Brief
Repeat the following entries exactly, excluding pictures.
**** Exercise inputs
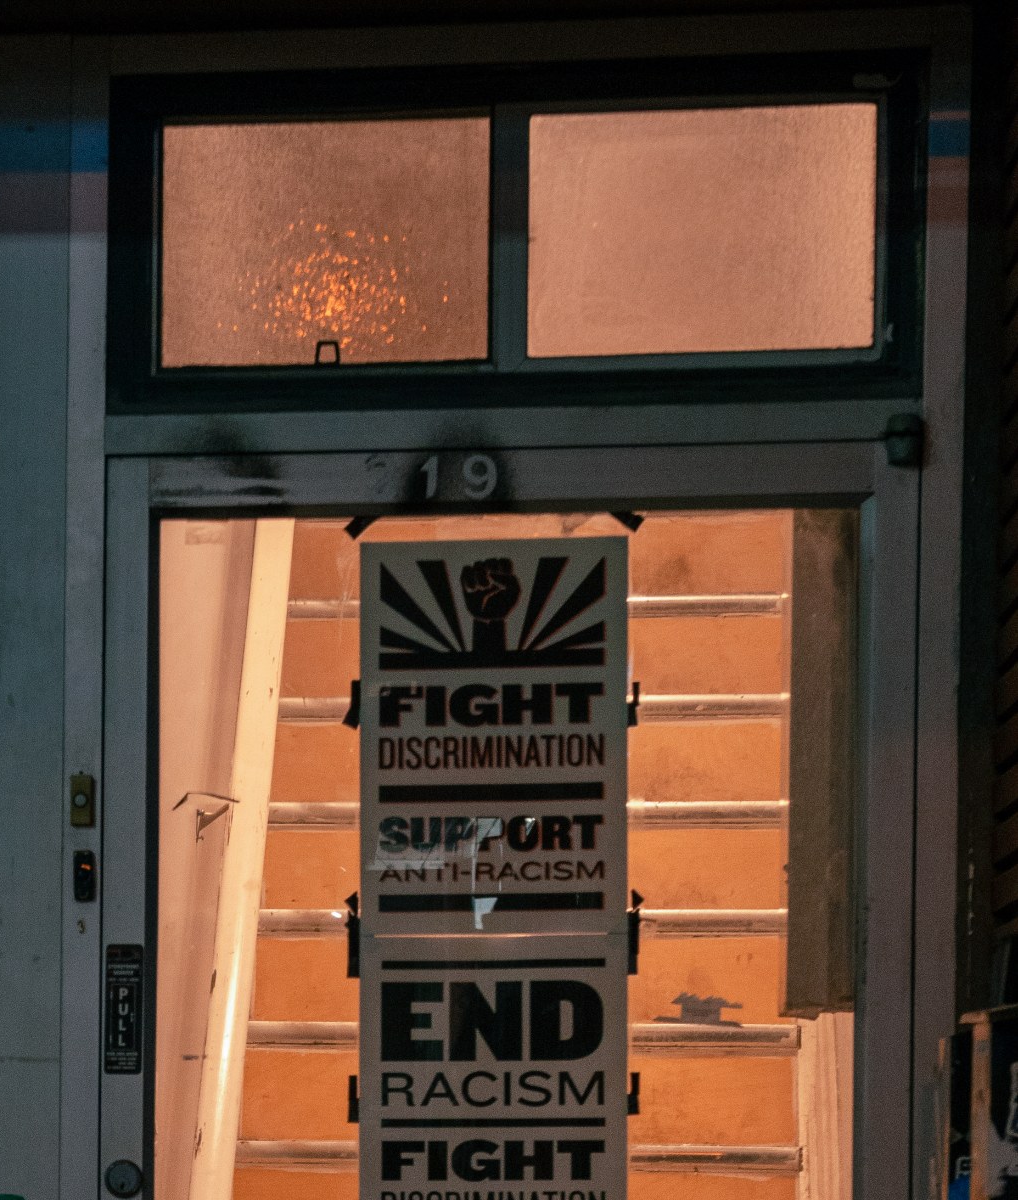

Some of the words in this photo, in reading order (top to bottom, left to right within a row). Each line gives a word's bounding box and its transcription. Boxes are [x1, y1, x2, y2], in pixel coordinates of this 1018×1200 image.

[378, 682, 606, 728] FIGHT
[378, 733, 606, 770] DISCRIMINATION
[378, 814, 605, 853] SUPPORT
[378, 860, 606, 884] ANTI-RACISM
[118, 988, 129, 1047] PULL
[382, 980, 605, 1062] END
[383, 1071, 606, 1108] RACISM
[382, 1138, 606, 1182] FIGHT
********
Output
Some of the words in this photo, in reading order (top to bottom, left to right within a row). Each line gives a word's bounding box and its transcription. Boxes are [x1, y1, x2, y2], in pixel coordinates of this 1018×1200 image.

[378, 682, 606, 728] FIGHT
[378, 733, 606, 770] DISCRIMINATION
[378, 814, 605, 853] SUPPORT
[378, 860, 606, 884] ANTI-RACISM
[118, 988, 129, 1047] PULL
[382, 980, 605, 1062] END
[383, 1071, 606, 1108] RACISM
[382, 1138, 606, 1182] FIGHT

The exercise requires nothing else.